Dialog - Viva la revoluçion

24.12.2021 - 21.01.2022 @ (16 Ansichten)

Vor zwei Wochen habe ich mir diese Reise zum Geburtstag geschenkt: Silvester in Havanna, danach drei Wochen durchs Land. Los geht's erstmal in Richtung Zürich!

Viva la revoluçion

24.12.2021 @ (16 Ansichten)

Ihr kennt diese Art von Bild... und fast hätte es 2021 keines davon gegeben. Vor zwei Wochen habe ich mir diese Reise zum Geburtstag geschenkt: Silvester in Havanna, danach drei Wochen durchs Land. Los geht's erstmal in Richtung Zürich!

Edelweiss, Business class

30.12.2021 @ (16 Ansichten)

Ein paar Tage Abflug erreicht mich eine E-Mail mit einem Angebot, für ein paar Hundert Euro in die Business Class zu upgraden. "Handle stets so, dass neue Möglichkeiten entstehen", sage ich mir - und schlage zu 👑

Teil 1: Silvester in Havanna

30.12.2021 @ (16 Ansichten)

Schon der Flug beinhaltet ein Highlight: Das Reisen in der Business Class! Als mich Swiss fragt, ob ich ein Upgrade will, sage ich nicht nein. Wir landen um 19:30 Ortszeit in Havanna, es ist dunkel draußen und zusammen mit der spärlichen Straßenbeleuchtung lässt sich alles nur schemenhaft erkennen. Am nächsten Morgen starte ich vom Hostel in "La Habana Vieja", also der Altstadt, meine Erkundungen. Mir begegnen viel Musik, strahlender Sonnenschein, bunte (teils verfallene, aber auch teils toll restaurierte) Häuser-Fassaden, Oldtimer, das Kapitol, Kuba-Flaggen, Che, Fidel und später am Tag natürlich auch Rum-Cocktails. Es tut gut, dem nassgrauen Winterwetter in Westeuropa entkommen zu sein!

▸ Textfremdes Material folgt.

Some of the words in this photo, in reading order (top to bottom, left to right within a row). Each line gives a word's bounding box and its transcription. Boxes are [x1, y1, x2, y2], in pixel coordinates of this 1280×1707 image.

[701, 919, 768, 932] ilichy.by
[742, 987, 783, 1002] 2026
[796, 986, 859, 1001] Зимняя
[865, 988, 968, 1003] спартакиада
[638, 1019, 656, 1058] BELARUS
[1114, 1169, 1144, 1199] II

Was ich gelernt habe: Zum Jahreswechsel wird traditionell ein (Putz-)Eimer voll Wasser aus der Tür (oder auch schon mal vom Balkon herunter) ausgeschüttet: So wird das alte Jahr hinausgespült. Das heißt beim Herumlaufen: Aufpassen, dass man nicht auf einmal von oben bis unten klatschnass wird! Neujahr wird hier ansonsten nicht groß gefeiert - und es gibt auch kein Feuerwerk.

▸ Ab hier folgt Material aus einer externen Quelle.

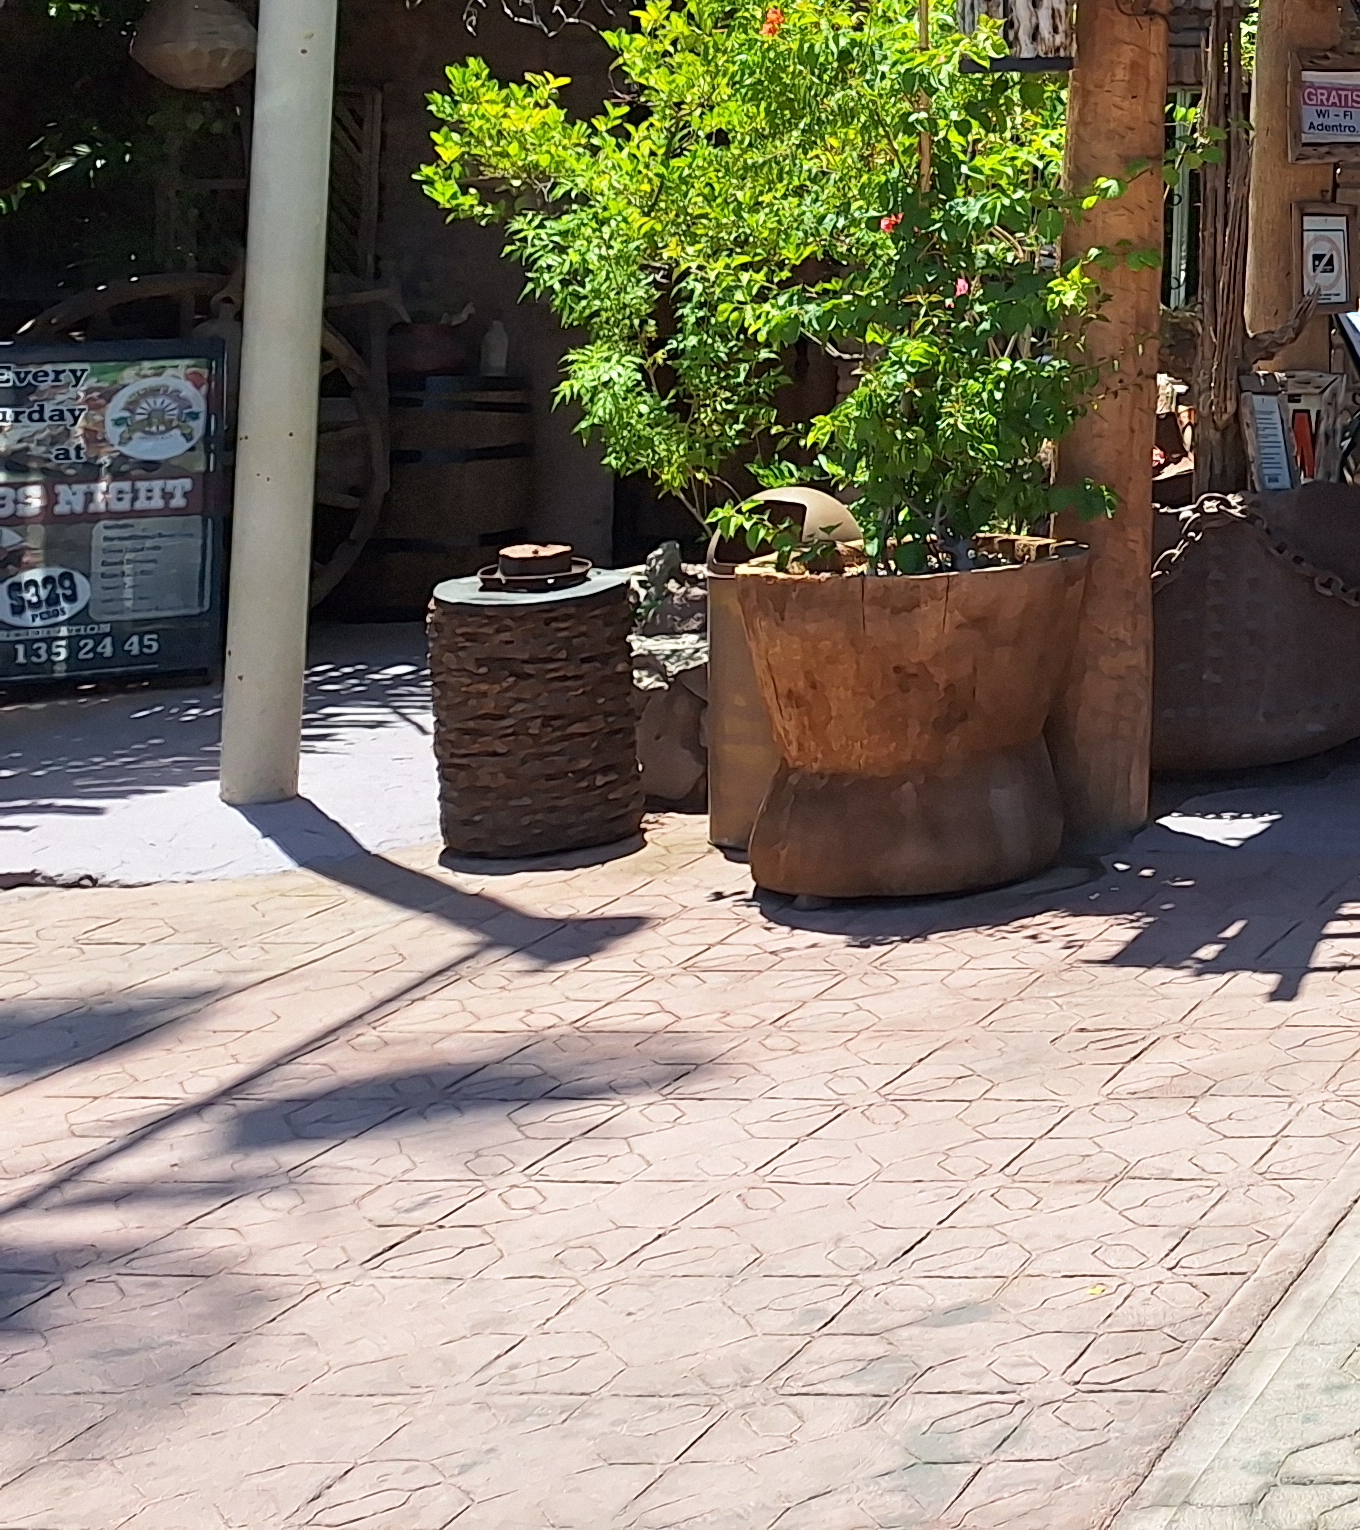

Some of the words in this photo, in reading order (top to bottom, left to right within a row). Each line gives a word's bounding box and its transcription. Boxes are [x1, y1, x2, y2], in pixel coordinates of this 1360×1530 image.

[54, 443, 85, 461] at
[53, 477, 193, 516] NIGHT
[31, 606, 67, 623] PESOS
[14, 638, 69, 664] 135
[77, 635, 114, 660] 24
[123, 633, 160, 656] 45

Was ich wieder machen würde: Abends in der Calle Cuarteles, Ecke Compostela essen gehen. Dort gibt es eine ganze Straße voller gemütlicher Restaurants mit den unterschiedlichsten Menüs, die man draußen sitzend mit einer kühlen Cerveza genießen kann: Genau das richtige nach einem heißen Tag.

Auf der A1

02.01.2022 @ (16 Ansichten)

Auf der Autobahn von Havanna aus Richtung Südost.

Teil 2: Playa Larga

02.01.2022 @ (16 Ansichten)

Am 2. Januar holt mich ein Oldtimer-Taxi ab und bringt mich von Havanna nach Playa Larga, ein verschlafenes kleines Dorf mit einem Fußballfeld, einer Schule, einer Polizeistation, einer Handvoll Restaurants und vielen kleinen Bed & Breakfast-Unterkünften am Rande der geschichtsträchtigen Schweinebucht. Nach einem kleinen Rundgang bis zum Ende des Strands und zurück springe ich ins Wasser und faulenze den Rest vom Tag. Am zweiten Tag mache ich eine Tour ins nahegelegene Naturschutzgebiet, wo wir Flamingos und Pelikane beobachten können - nur das versprochene Krokodil hat wohl seinen freien Tag.

Was ich gelernt habe: Einkaufen funktioniert hier anders, etwas wie einen Supermarkt sucht man vergebens. Stattdessen gibt es kleine Läden, die dann dieses und jenes anbieten und von außen auch nicht immer ganz offensichtlich Läden sind. An einem solchen kaufe ich mit zwei anderen Gästen meiner Unterkunft auf dem Rückweg vom Abendessen eine Flasche Rum, die wir zu unseren Gesprächen über das Reisen teilen.

Was ich wieder machen würde: Im Bed & Breakfast "El Varadero" wohnen. Eine tolle Lage direkt am von Palmen gesäumten Strand, freundliche und hilfsbereite Besitzer, gemütliche Zimmer und Frühstück auf der mit Morgensonne überfluteten Terrasse.

Teil 3: Soroa

05.01.2022 @ (16 Ansichten)

Weiter geht es nach Soroa, einem ebenso kleinen und verschlafenen Ort im Nordwesten des Landes. Dort erwandere ich den (überschaubaren) Wasserfall "El Salto de Soroa" und den auf einer Bergspitze gelegenen "Mirador Loma el Molgote". Die Höhenmeter sind bei Sonnenschein und 29° C Außentemperatur ganz schön schweißtreibend! Von oben habe ich aber eine wahnsinnige Aussicht über das vor mir liegende grüne Tal.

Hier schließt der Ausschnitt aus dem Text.